▶ Task goal:
Everything in the entries except the pictures must be duplicated exactly.
[[ Data shown, beginning ]]
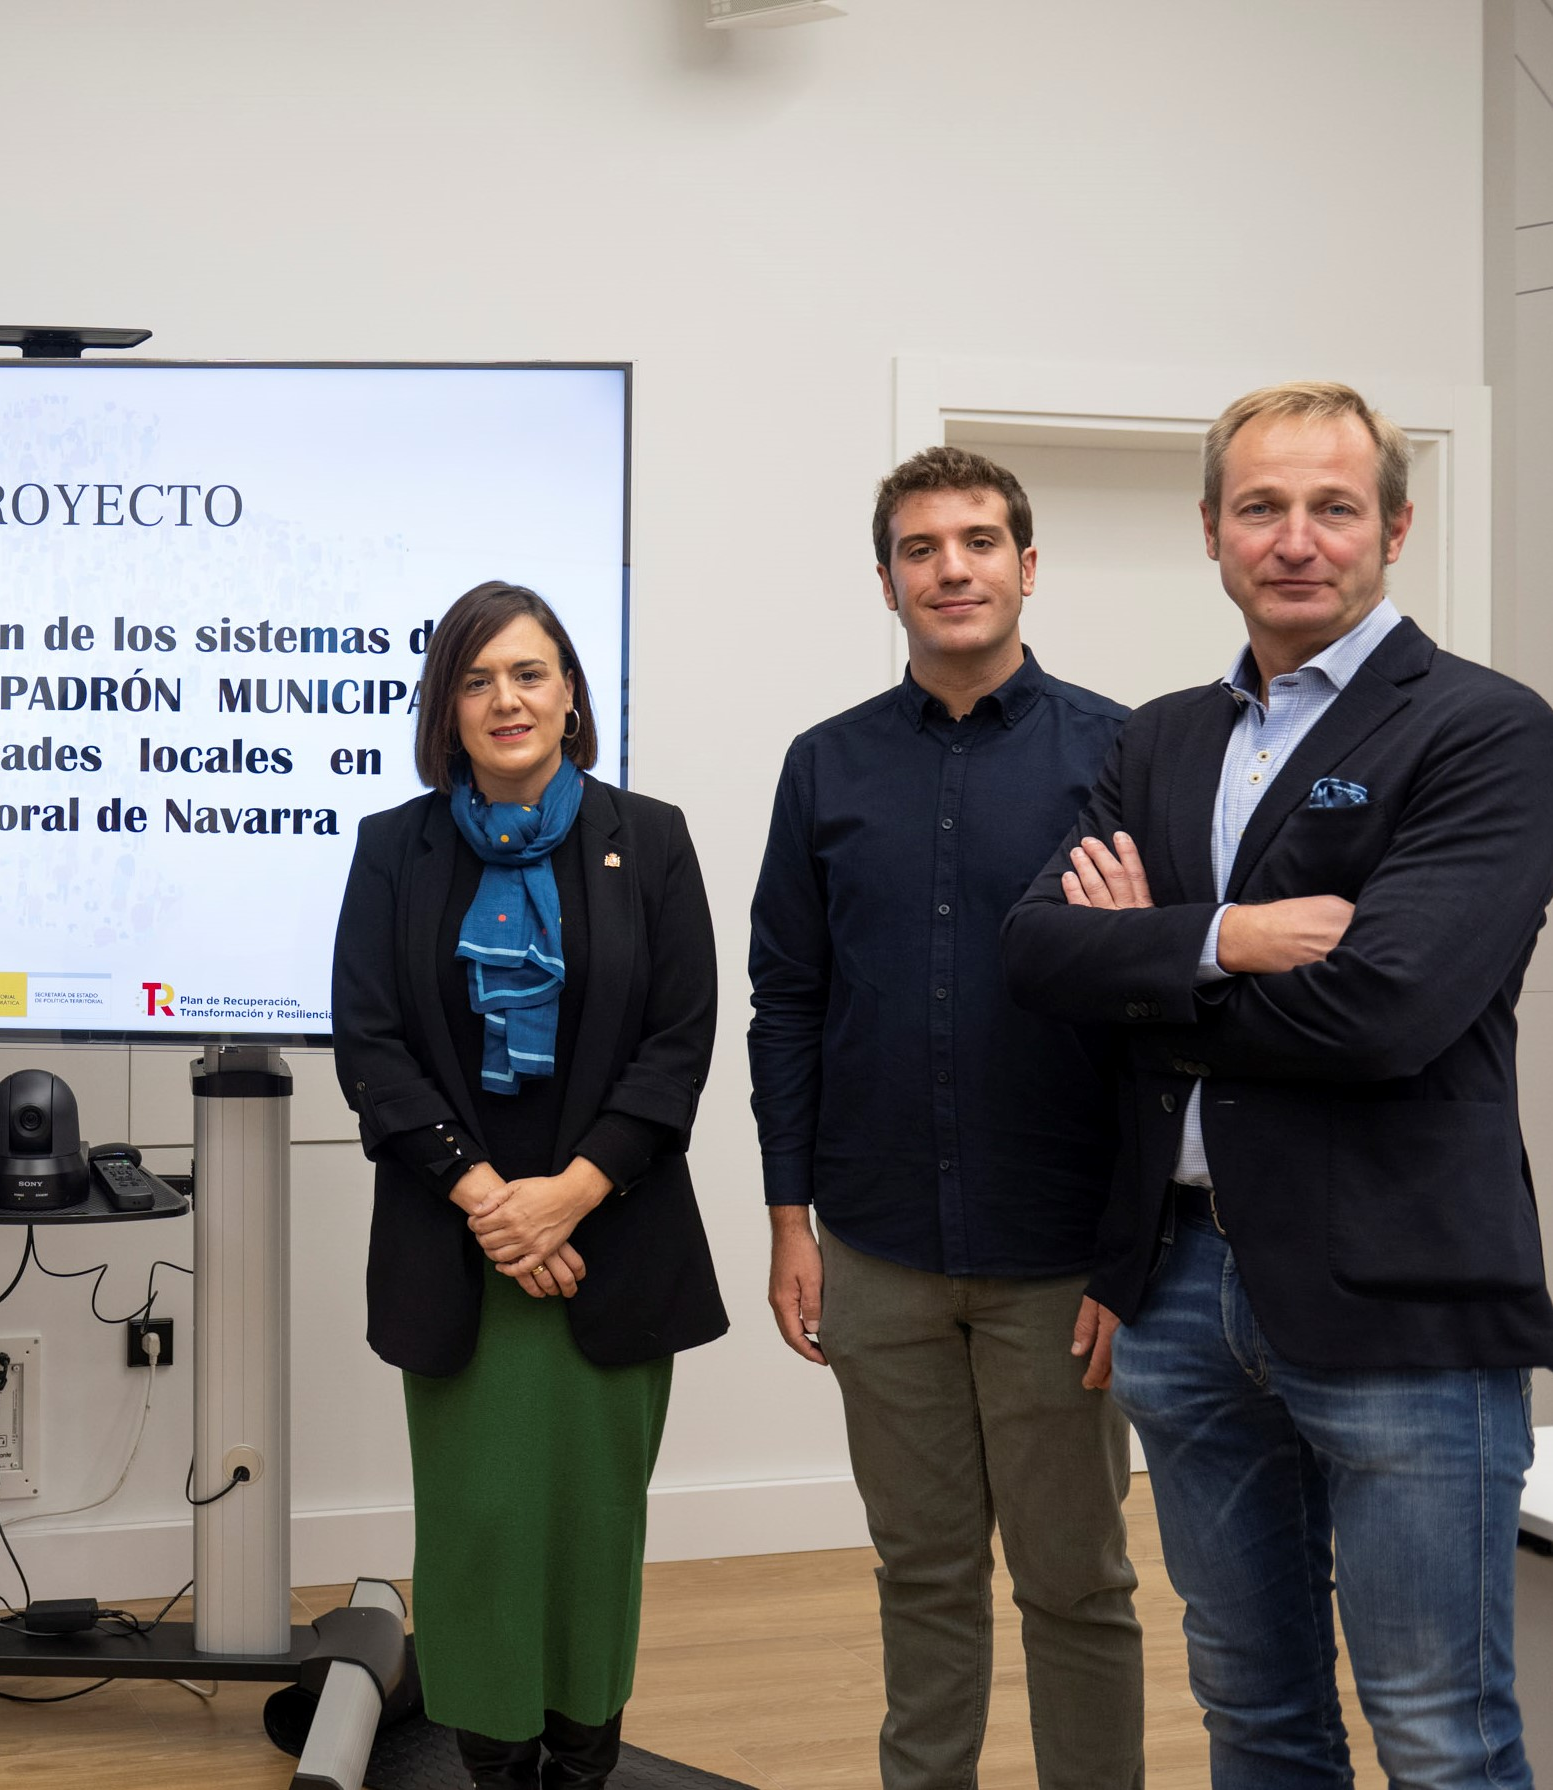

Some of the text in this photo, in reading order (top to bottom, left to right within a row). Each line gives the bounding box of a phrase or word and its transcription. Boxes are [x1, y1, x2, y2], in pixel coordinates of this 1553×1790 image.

[44, 616, 94, 651] de
[115, 617, 176, 652] los
[195, 617, 390, 654] sistemas
[1, 668, 180, 712] PADRÓN
[140, 738, 293, 774] locales
[331, 749, 381, 775] en
[97, 798, 147, 832] de
[166, 799, 340, 835] Navarra
[180, 996, 300, 1007] Plan de Recuperación,
[180, 1008, 264, 1018] Transformación
[267, 1011, 274, 1019] y
[[ Data shown, end ]]
▶ Answer box:
Some of the text in this photo, in reading order (top to bottom, left to right within a row). Each line gives the bounding box of a phrase or word and its transcription. Boxes are [x1, y1, x2, y2], in pixel coordinates of this 1553×1790 image.

[44, 616, 94, 651] de
[115, 617, 176, 652] los
[195, 617, 390, 654] sistemas
[1, 668, 180, 712] PADRÓN
[140, 738, 293, 774] locales
[331, 749, 381, 775] en
[97, 798, 147, 832] de
[166, 799, 340, 835] Navarra
[180, 996, 300, 1007] Plan de Recuperación,
[180, 1008, 264, 1018] Transformación
[267, 1011, 274, 1019] y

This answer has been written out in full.